Content starts

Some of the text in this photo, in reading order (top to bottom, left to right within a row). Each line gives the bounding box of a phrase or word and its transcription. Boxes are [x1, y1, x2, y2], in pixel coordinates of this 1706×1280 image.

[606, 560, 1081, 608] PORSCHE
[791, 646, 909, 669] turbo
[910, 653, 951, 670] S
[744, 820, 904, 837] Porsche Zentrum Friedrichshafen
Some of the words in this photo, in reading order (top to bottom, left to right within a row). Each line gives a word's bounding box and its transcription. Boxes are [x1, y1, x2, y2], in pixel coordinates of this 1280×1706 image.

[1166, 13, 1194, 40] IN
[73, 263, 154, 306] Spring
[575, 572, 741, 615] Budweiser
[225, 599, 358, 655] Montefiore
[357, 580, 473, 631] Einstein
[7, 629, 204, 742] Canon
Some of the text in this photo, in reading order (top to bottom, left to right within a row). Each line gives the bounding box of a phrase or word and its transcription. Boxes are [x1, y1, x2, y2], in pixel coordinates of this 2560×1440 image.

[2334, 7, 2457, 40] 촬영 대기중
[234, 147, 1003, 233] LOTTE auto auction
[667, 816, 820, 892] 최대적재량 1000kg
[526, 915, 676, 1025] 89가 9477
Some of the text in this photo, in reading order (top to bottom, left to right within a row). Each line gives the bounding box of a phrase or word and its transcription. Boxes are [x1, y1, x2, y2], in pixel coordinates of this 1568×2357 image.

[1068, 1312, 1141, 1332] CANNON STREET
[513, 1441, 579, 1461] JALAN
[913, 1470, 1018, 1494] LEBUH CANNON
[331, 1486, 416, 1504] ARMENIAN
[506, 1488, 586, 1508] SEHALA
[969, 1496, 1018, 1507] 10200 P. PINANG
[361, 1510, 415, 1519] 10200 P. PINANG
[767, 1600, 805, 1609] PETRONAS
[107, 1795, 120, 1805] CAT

Content ends

Output, exactly and with no other text, the line that contains "this 2560×1440 image." and all lines from there to the end of the records.

Some of the text in this photo, in reading order (top to bottom, left to right within a row). Each line gives the bounding box of a phrase or word and its transcription. Boxes are [x1, y1, x2, y2], in pixel coordinates of this 2560×1440 image.

[2334, 7, 2457, 40] 촬영 대기중
[234, 147, 1003, 233] LOTTE auto auction
[667, 816, 820, 892] 최대적재량 1000kg
[526, 915, 676, 1025] 89가 9477
Some of the text in this photo, in reading order (top to bottom, left to right within a row). Each line gives the bounding box of a phrase or word and its transcription. Boxes are [x1, y1, x2, y2], in pixel coordinates of this 1568×2357 image.

[1068, 1312, 1141, 1332] CANNON STREET
[513, 1441, 579, 1461] JALAN
[913, 1470, 1018, 1494] LEBUH CANNON
[331, 1486, 416, 1504] ARMENIAN
[506, 1488, 586, 1508] SEHALA
[969, 1496, 1018, 1507] 10200 P. PINANG
[361, 1510, 415, 1519] 10200 P. PINANG
[767, 1600, 805, 1609] PETRONAS
[107, 1795, 120, 1805] CAT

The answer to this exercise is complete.